It’s okay to talk about suicide, especially with loved ones who might be struggling. In recognition of National Suicide Prevention Month, Compassus Senior Vice President and Chief Medical Officer Dr. Kurt Merkelz provides helpful advice for talking to friends and family members about suicide.
Watching friends and family members struggle is an awful experience. We might feel helpless or that we can’t make a difference, especially with older adults who are facing the challenges of aging. Long-term health issues, pain and terminal illness can significantly interfere with a person’s day-to-day life, their ability to take care of themselves and their overall happiness. The resulting social isolation, loss of independence and potentially strained relationships with family and friends can negatively affect a person’s mental health.
For these reasons, older adults with chronic pain or serious or terminal illness can be high risk for suicide, as can their families as they cope with the stress of caregiving. The latest Centers for Disease Control and Prevention statistics show adults ages 85 and older have the highest suicide rate, followed by those ages 75-84. They deserve special attention, support — and hope. National Suicide Prevention Month, observed in September, is a relevant time to increase awareness of suicide risk among older adults and their caregivers.
Addressing harmful or suicidal thoughts head on is crucial to ensuring a person’s health and safety. If you suspect a loved one is struggling or considering self-harm, try this approach to talk with them about your concerns.
Ask how they’re feeling
Let your loved one know you are concerned and care about their wellbeing. This is a simple but powerful step in connecting with someone grappling with isolation or loneliness. Knowing someone cares enough to listen can be a great comfort.
Ask them how they are feeling – physically and emotionally – and what they are thinking. Directly asking someone if they are suicidal will not influence or encourage them to complete the act. Instead, discussing suicide openly and honestly and genuinely asking how they are doing can give the person the opportunity to take steps toward getting the help they need.
Try these conversation starters:
- “How are you getting by?”
- “I’ve noticed you haven’t been yourself lately. Is everything ok?”
- “I’m worried about you. Can we talk about what’s troubling you?”
- “You seem really [down/sad/angry/unhappy] lately. I’m worried you might be thinking of hurting yourself or attempting suicide. Can we talk about this?”
Follow up with these questions:
- “How long have you been feeling this way?”
- “Have you tried to harm yourself before?”
- “What might make you act on these thoughts?”
- “Do you have a plan in place?”
- “How can I support you right now?”
Actively listen
During these conversations, the goal is to genuinely hear and understand your loved one and serve as a comforting presence. The focus should not be fixing or solving their problem.
Convey your concern and attention by:
- Maintaining eye contact and offering affirmations such as, “I see,” or “sure.”
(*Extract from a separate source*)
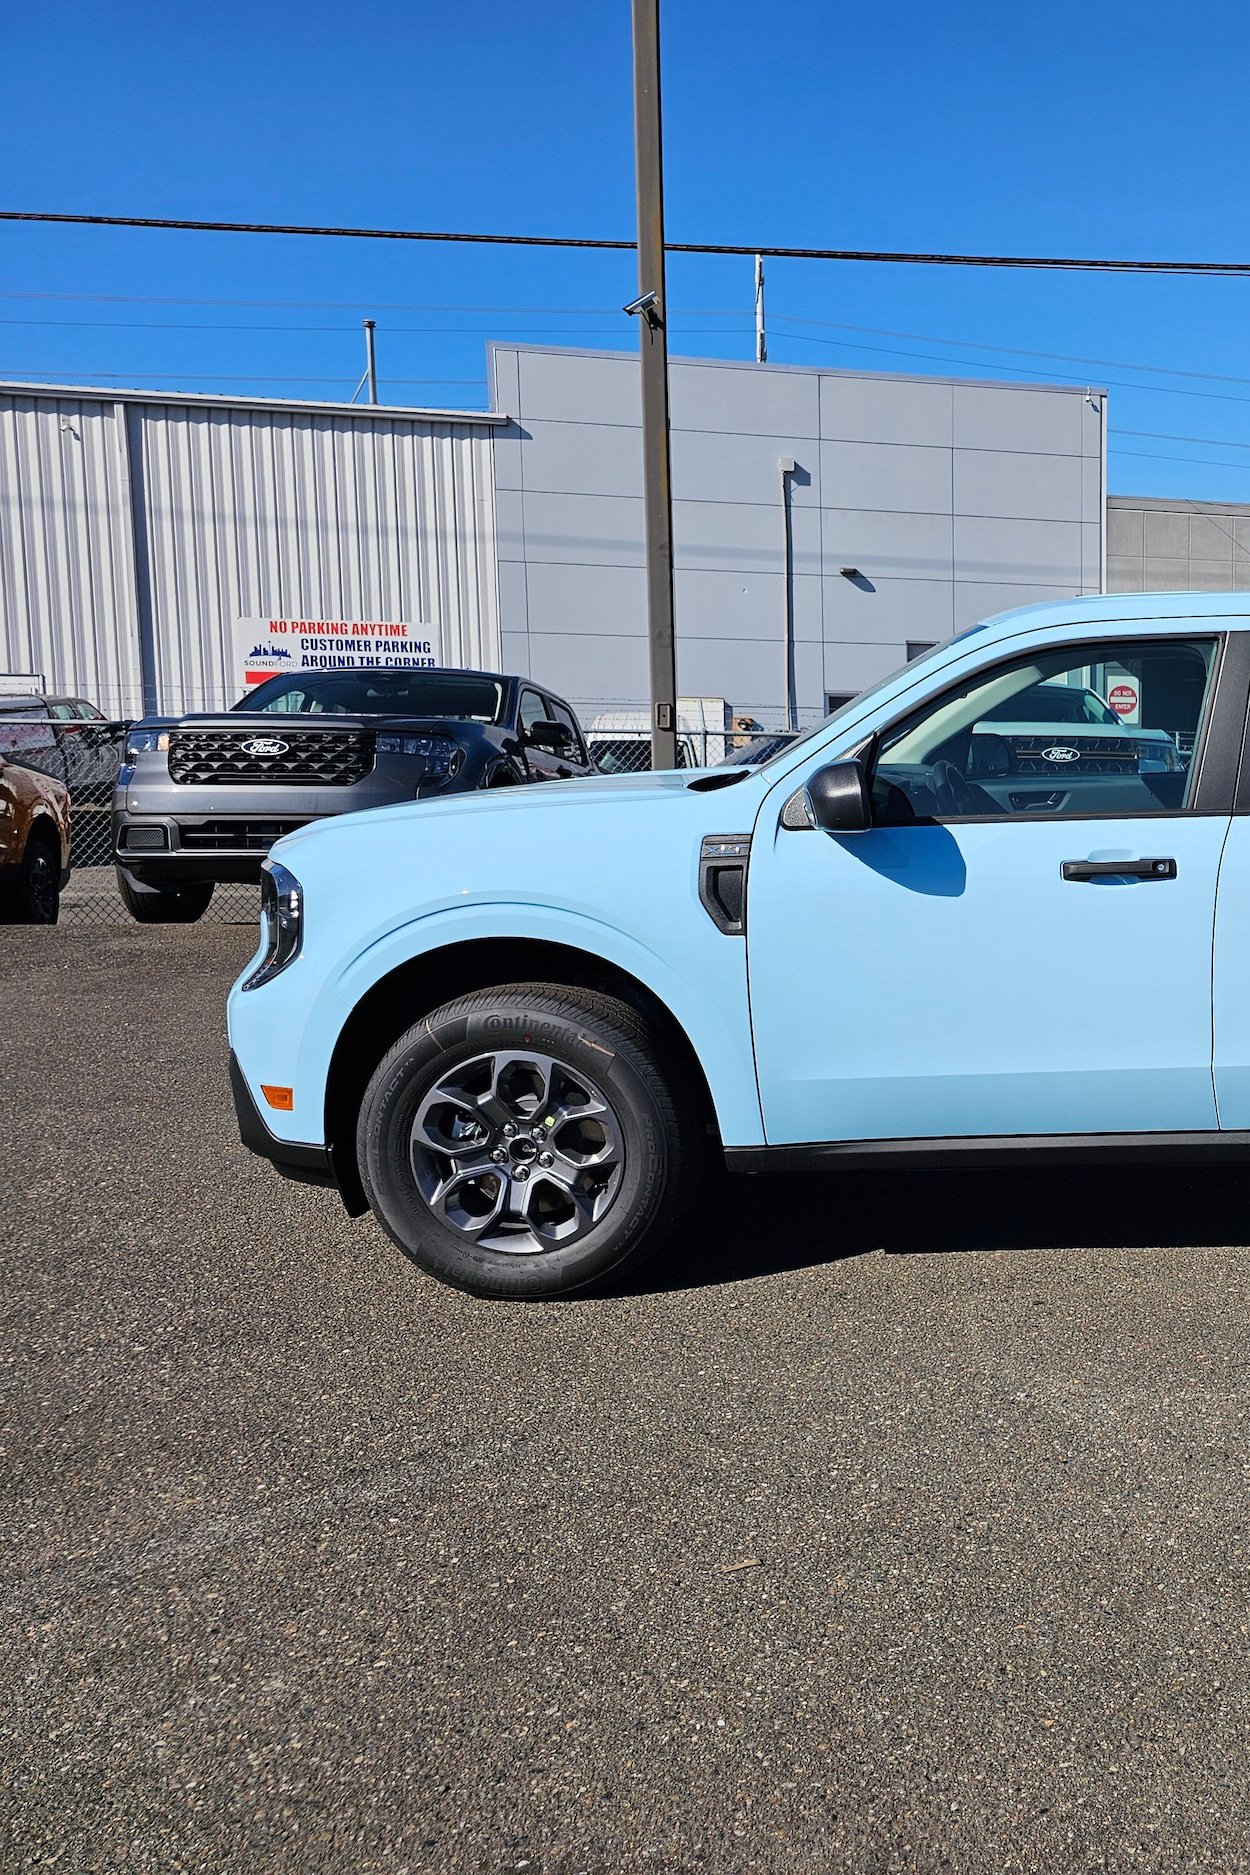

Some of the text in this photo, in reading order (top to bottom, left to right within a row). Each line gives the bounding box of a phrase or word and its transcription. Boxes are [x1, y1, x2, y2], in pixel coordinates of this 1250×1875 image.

[269, 620, 408, 637] NO PARKING ANYTIME
[300, 638, 431, 653] CUSTOMER PARKING
[301, 654, 435, 668] AROUND THE CORNER
[704, 843, 748, 856] XLT
- Listening without judgment. Validate their feelings with statements including, “I understand how that would upset you,” and, “I probably would have reacted the same way.”
- Summarizing their experience to show you heard and understood what they said. This shows you were listening attentively and allows them to correct you if you misunderstood. Try saying, “For you, it feels like [paraphrasing what the other person said].”
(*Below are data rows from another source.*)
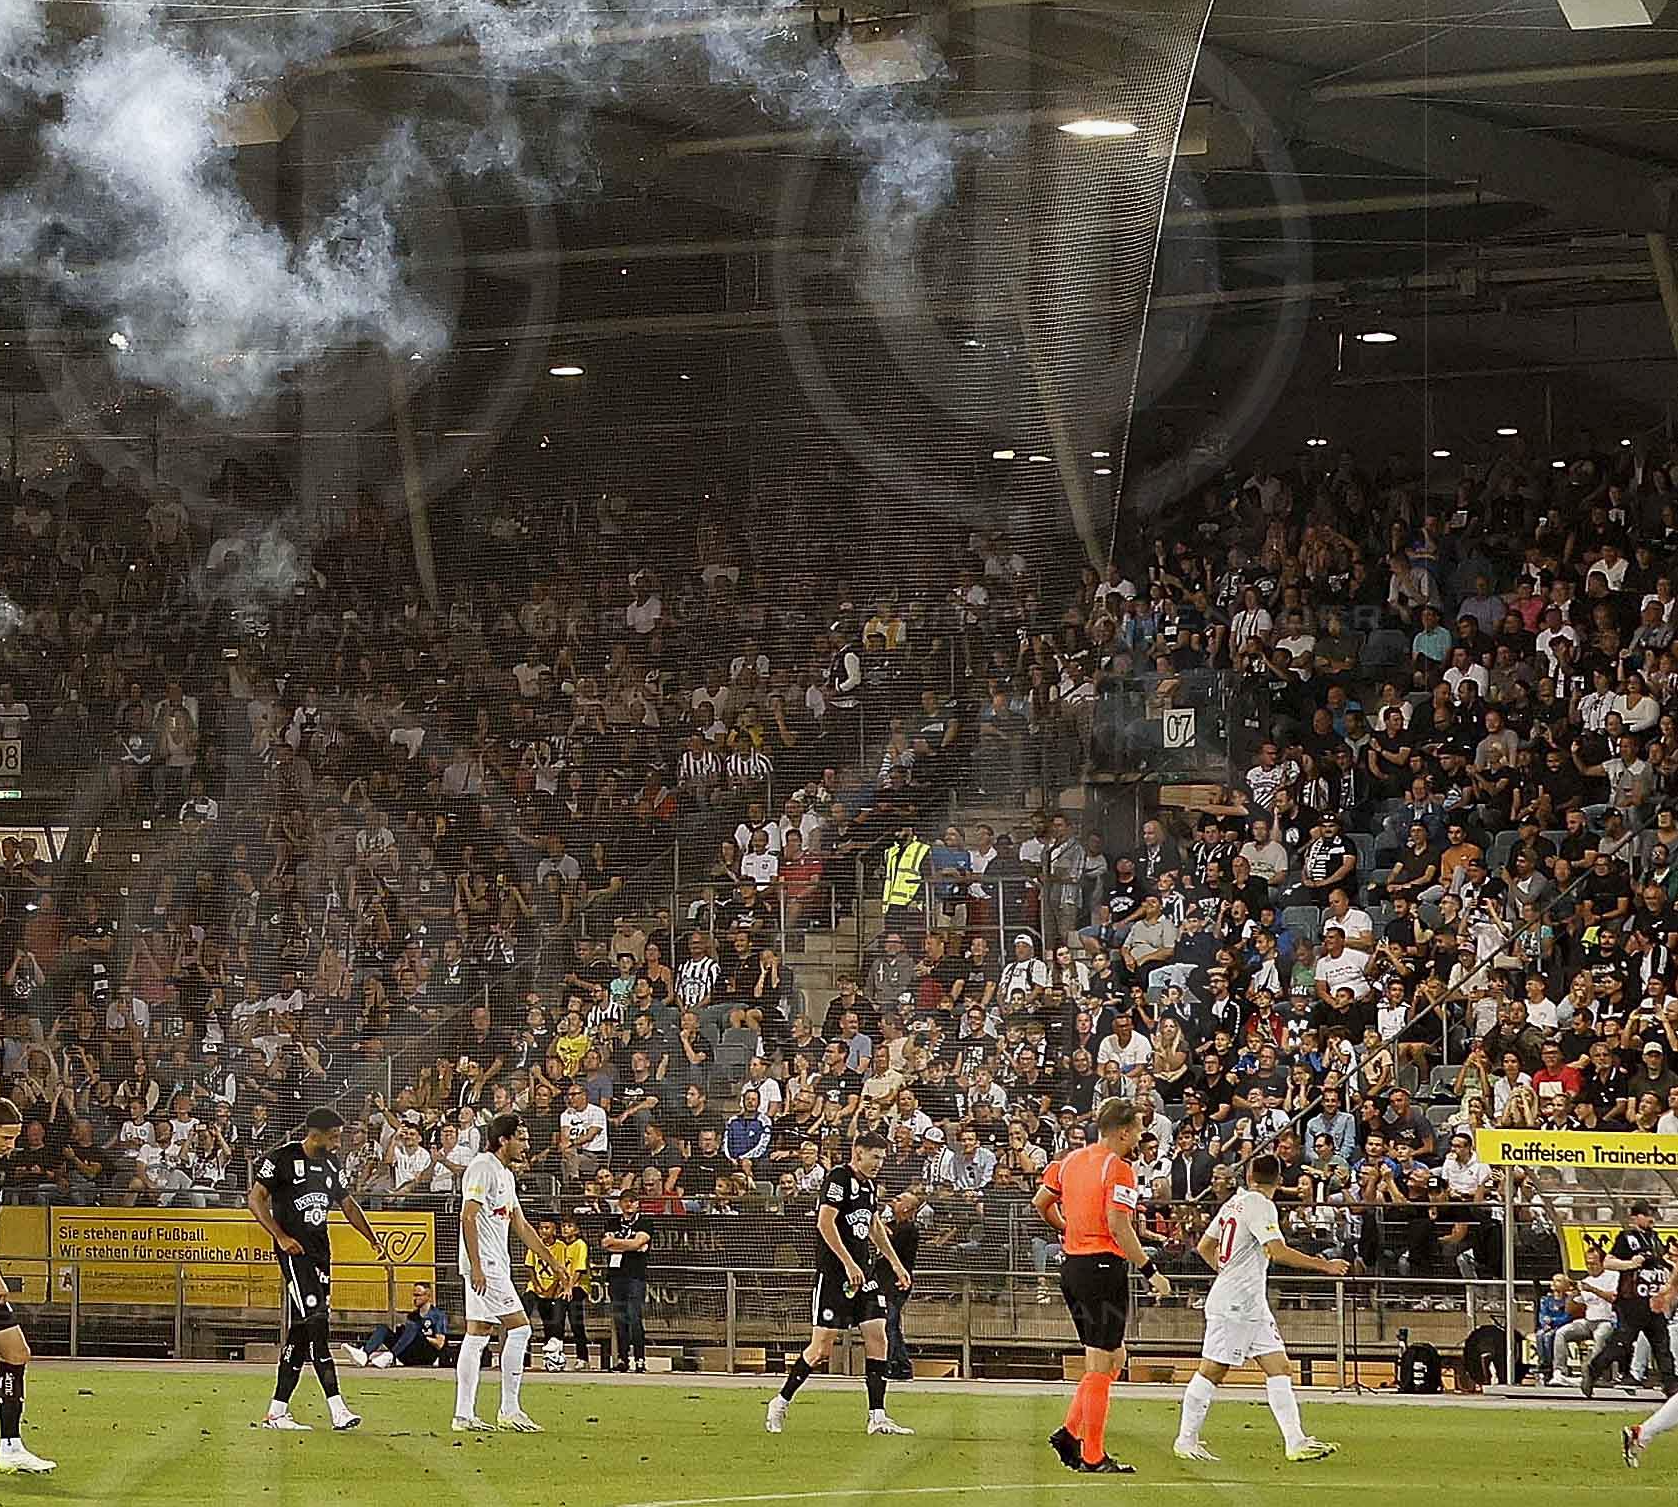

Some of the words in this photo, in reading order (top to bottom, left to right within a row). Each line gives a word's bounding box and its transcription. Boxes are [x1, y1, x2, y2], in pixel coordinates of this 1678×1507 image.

[1167, 715, 1191, 742] 07
[1501, 1143, 1585, 1163] Raiffeisen
[59, 1226, 79, 1239] Sie
[84, 1227, 127, 1240] stehen
[132, 1227, 153, 1241] auf
[156, 1228, 209, 1242] Fußball.
[59, 1245, 81, 1258] Wir
[86, 1245, 129, 1259] stehen
[133, 1245, 153, 1259] für
[156, 1246, 231, 1261] persönliche
[235, 1248, 249, 1261] A1
Acknowledge and respect their experience
Give your loved one time to finish their thoughts before speaking and potentially interrupting them. If they are having a difficult time discussing an emotionally challenging topic, gently encourage them to continue speaking but don’t rush or push them. Pay close attention to their body language and tone of voice to assess how they are feeling.
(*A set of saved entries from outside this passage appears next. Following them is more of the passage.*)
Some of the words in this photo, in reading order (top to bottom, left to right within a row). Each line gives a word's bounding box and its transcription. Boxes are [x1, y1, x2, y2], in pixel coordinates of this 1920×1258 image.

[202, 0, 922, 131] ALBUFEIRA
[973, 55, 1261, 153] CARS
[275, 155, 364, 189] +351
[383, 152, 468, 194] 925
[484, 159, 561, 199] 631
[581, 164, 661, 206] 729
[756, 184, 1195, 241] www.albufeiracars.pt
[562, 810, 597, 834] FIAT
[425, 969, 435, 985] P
During this conversation, work with your loved one to identify other avenues for support such as family members, friends, neighbors or colleagues. If they are willing to seek professional help, you can help connect them with a licensed counselor or a therapist. If they are at immediate risk for suicide, contact emergency services on their behalf. Most importantly, always take signs or talk of suicide seriously. For help, call the National Suicide Prevention Lifeline: 800-273-8255.
Social connection is a basic human need. Beyond emotional support, relationships impact our physical health and longevity, according to Mental Health America. Reaching out, listening and acknowledging our loved ones’ feelings can make a life-saving difference.
Kurt Merkelz, M.D., is senior vice president and chief medical officer of Compassus, where he leads the company’s quality and clinical initiatives, ensuring the delivery of quality patient outcomes and increased access to end-of-life care.